**Exercise objective**.
From the first line to the last, restate the records word for word, skipping the pictures.

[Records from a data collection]

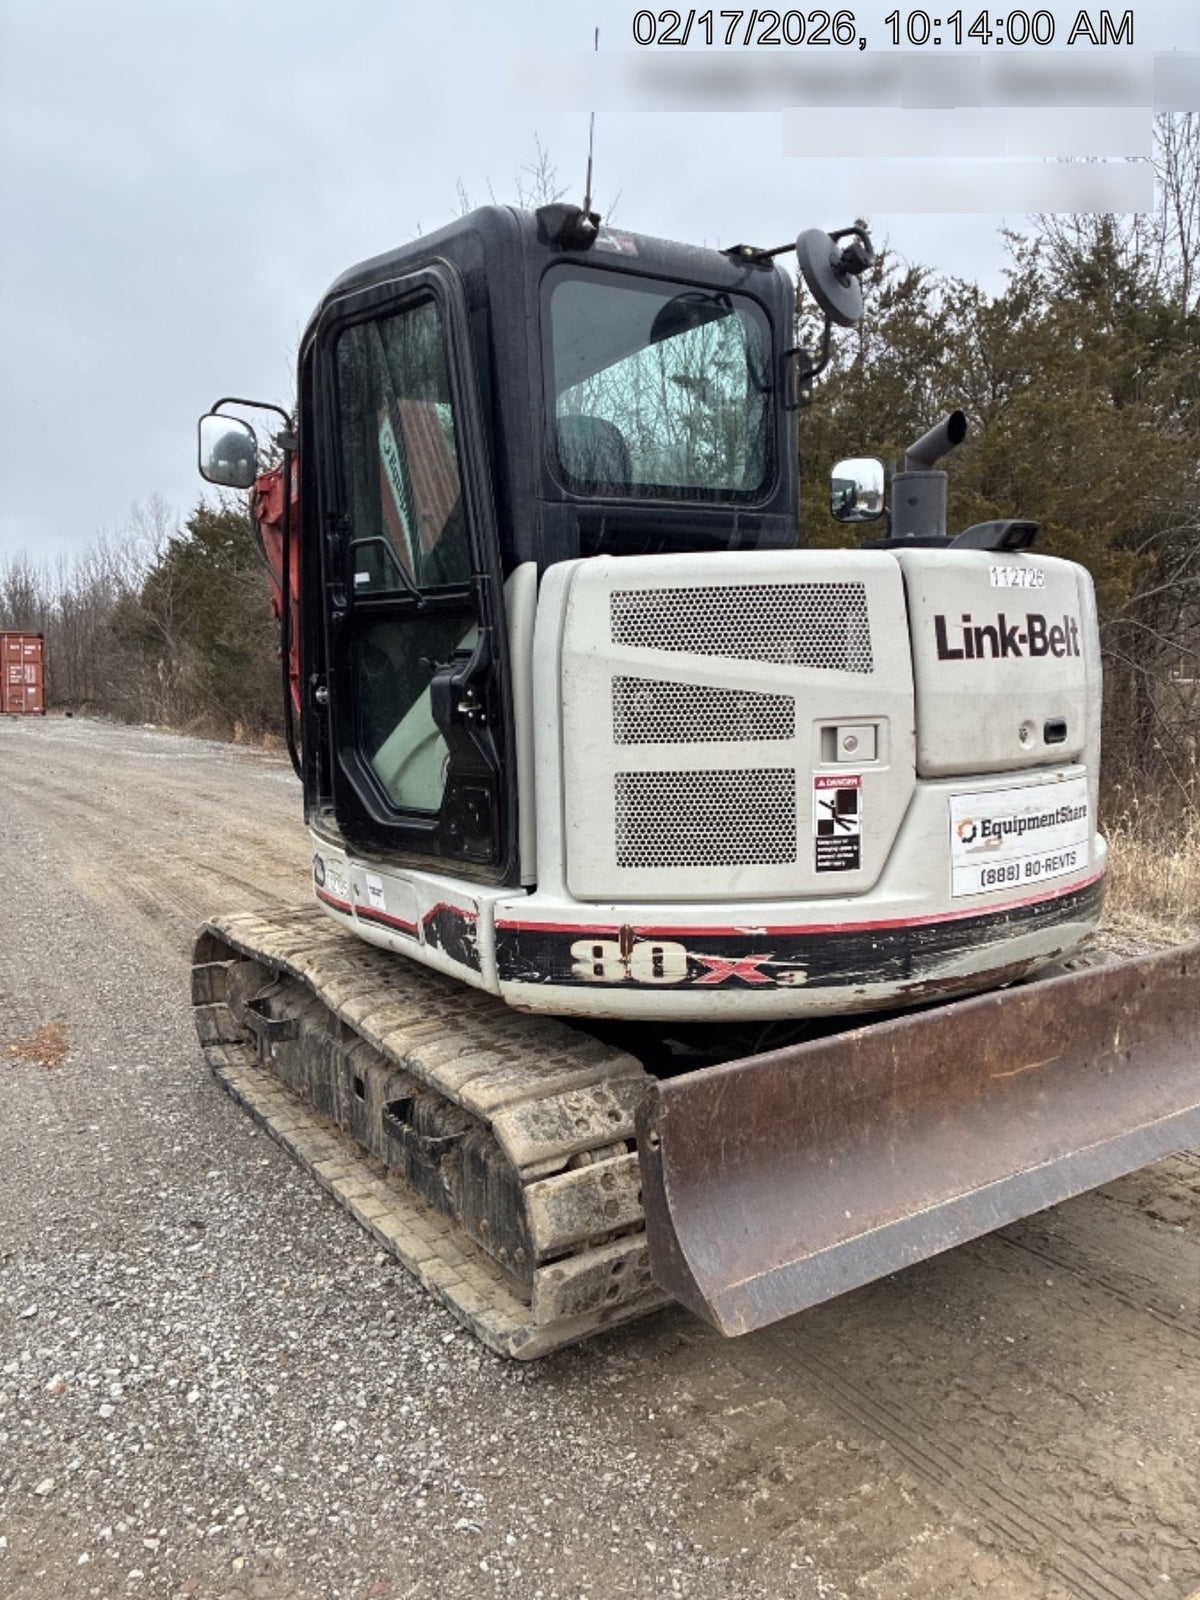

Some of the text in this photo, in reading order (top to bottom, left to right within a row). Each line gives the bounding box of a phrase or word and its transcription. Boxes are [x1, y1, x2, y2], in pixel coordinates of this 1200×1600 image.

[991, 567, 1045, 588] 112726
[934, 613, 1080, 660] Link-Belt
[980, 804, 1088, 840] EquipmentShare
[1025, 851, 1078, 878] 80-RENTS
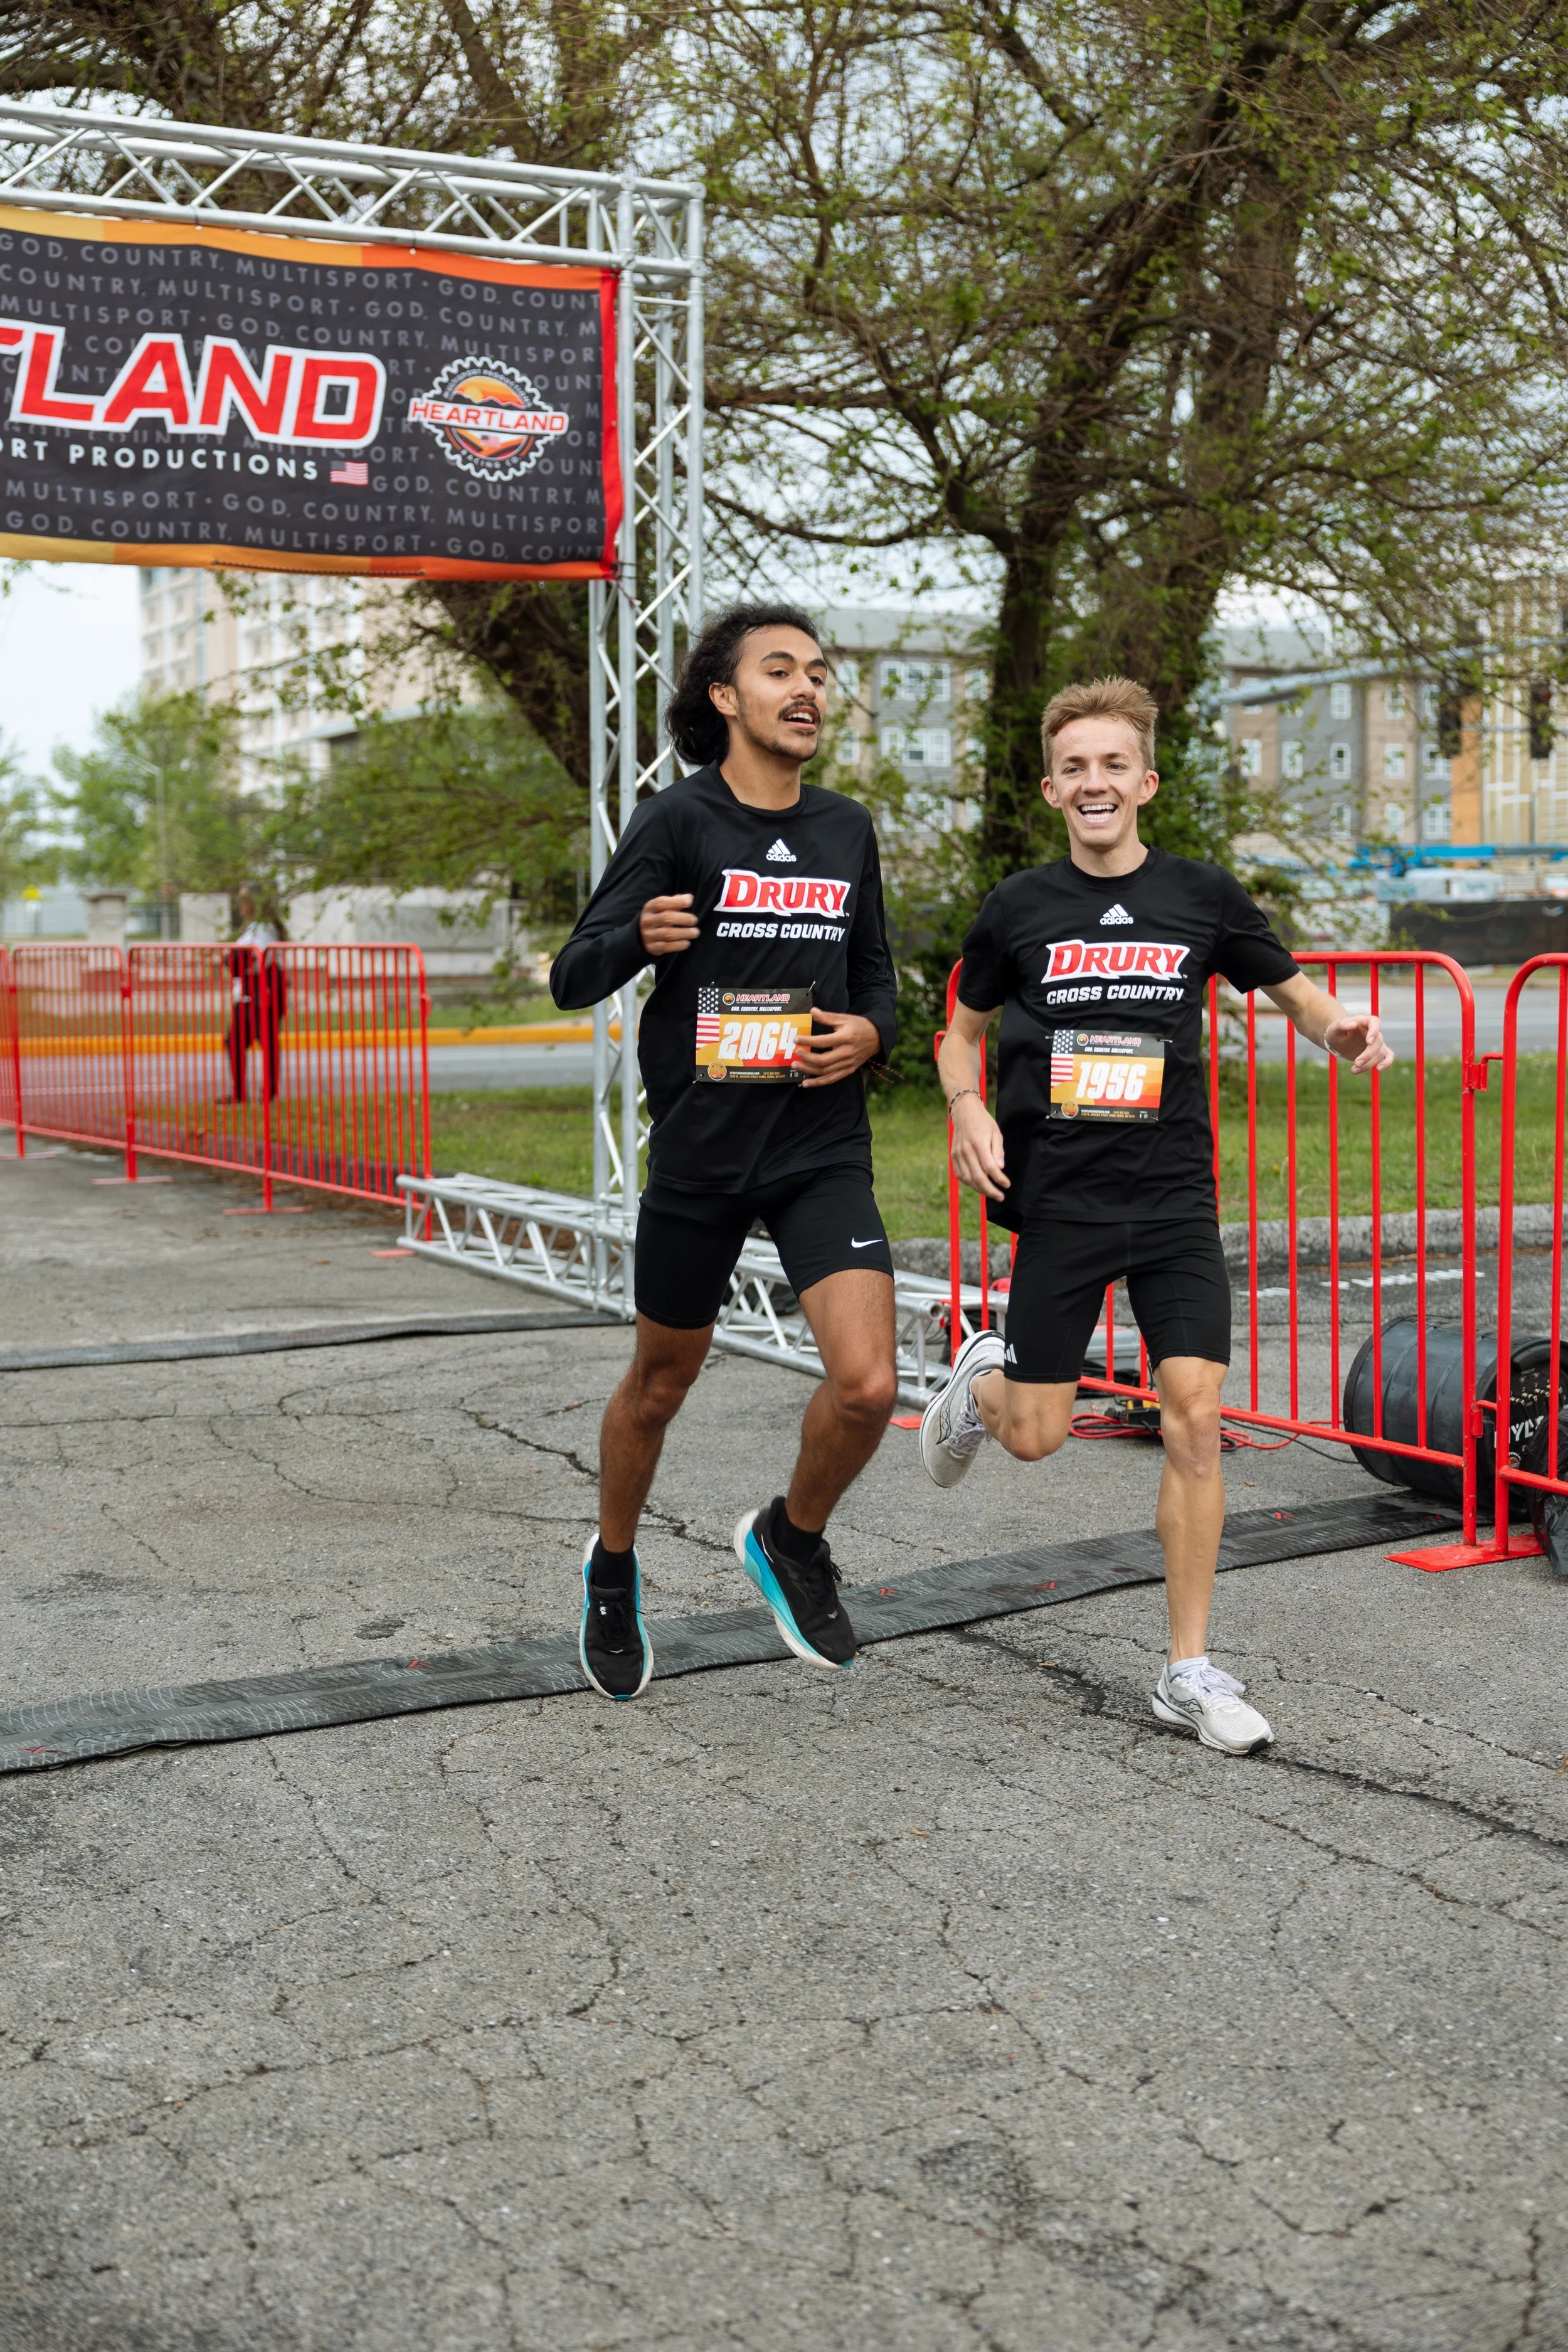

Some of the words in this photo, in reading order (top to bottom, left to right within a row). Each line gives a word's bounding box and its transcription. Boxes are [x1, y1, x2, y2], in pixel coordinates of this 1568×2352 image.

[236, 258, 413, 289] MULTISPORT
[158, 279, 339, 315] MULTISPORT
[1, 294, 190, 326] MULTISPORT
[440, 334, 602, 364] MULTISPOR
[411, 401, 565, 432] HEARTLAND
[0, 435, 48, 461] RT
[68, 443, 318, 480] PRODUCTIONS
[6, 479, 196, 509] MULTISPORT
[446, 507, 607, 534] MULTISPOR
[244, 526, 421, 552] MULTISPORT
[766, 852, 797, 862] adidas
[721, 872, 847, 914] DRURY
[716, 923, 778, 938] CROSS
[780, 924, 845, 942] COUNTRY
[1099, 915, 1134, 925] adidas
[1048, 943, 1185, 978] DRURY
[1046, 986, 1103, 1005] CROSS
[1107, 985, 1184, 1001] COUNTRY
[718, 1022, 798, 1061] 2064
[1089, 1035, 1142, 1045] HEARTLAND
[1076, 1061, 1147, 1101] 1956

**Task response**.
Some of the text in this photo, in reading order (top to bottom, left to right within a row). Each line gives the bounding box of a phrase or word and its transcription. Boxes are [x1, y1, x2, y2], in pixel coordinates of this 1200×1600 image.

[991, 567, 1045, 588] 112726
[934, 613, 1080, 660] Link-Belt
[980, 804, 1088, 840] EquipmentShare
[1025, 851, 1078, 878] 80-RENTS

Some of the words in this photo, in reading order (top to bottom, left to right within a row). Each line gives a word's bounding box and its transcription. Boxes are [x1, y1, x2, y2], in pixel coordinates of this 1568×2352 image.

[236, 258, 413, 289] MULTISPORT
[158, 279, 339, 315] MULTISPORT
[1, 294, 190, 326] MULTISPORT
[440, 334, 602, 364] MULTISPOR
[411, 401, 565, 432] HEARTLAND
[0, 435, 48, 461] RT
[68, 443, 318, 480] PRODUCTIONS
[6, 479, 196, 509] MULTISPORT
[446, 507, 607, 534] MULTISPOR
[244, 526, 421, 552] MULTISPORT
[766, 852, 797, 862] adidas
[721, 872, 847, 914] DRURY
[716, 923, 778, 938] CROSS
[780, 924, 845, 942] COUNTRY
[1099, 915, 1134, 925] adidas
[1048, 943, 1185, 978] DRURY
[1046, 986, 1103, 1005] CROSS
[1107, 985, 1184, 1001] COUNTRY
[718, 1022, 798, 1061] 2064
[1089, 1035, 1142, 1045] HEARTLAND
[1076, 1061, 1147, 1101] 1956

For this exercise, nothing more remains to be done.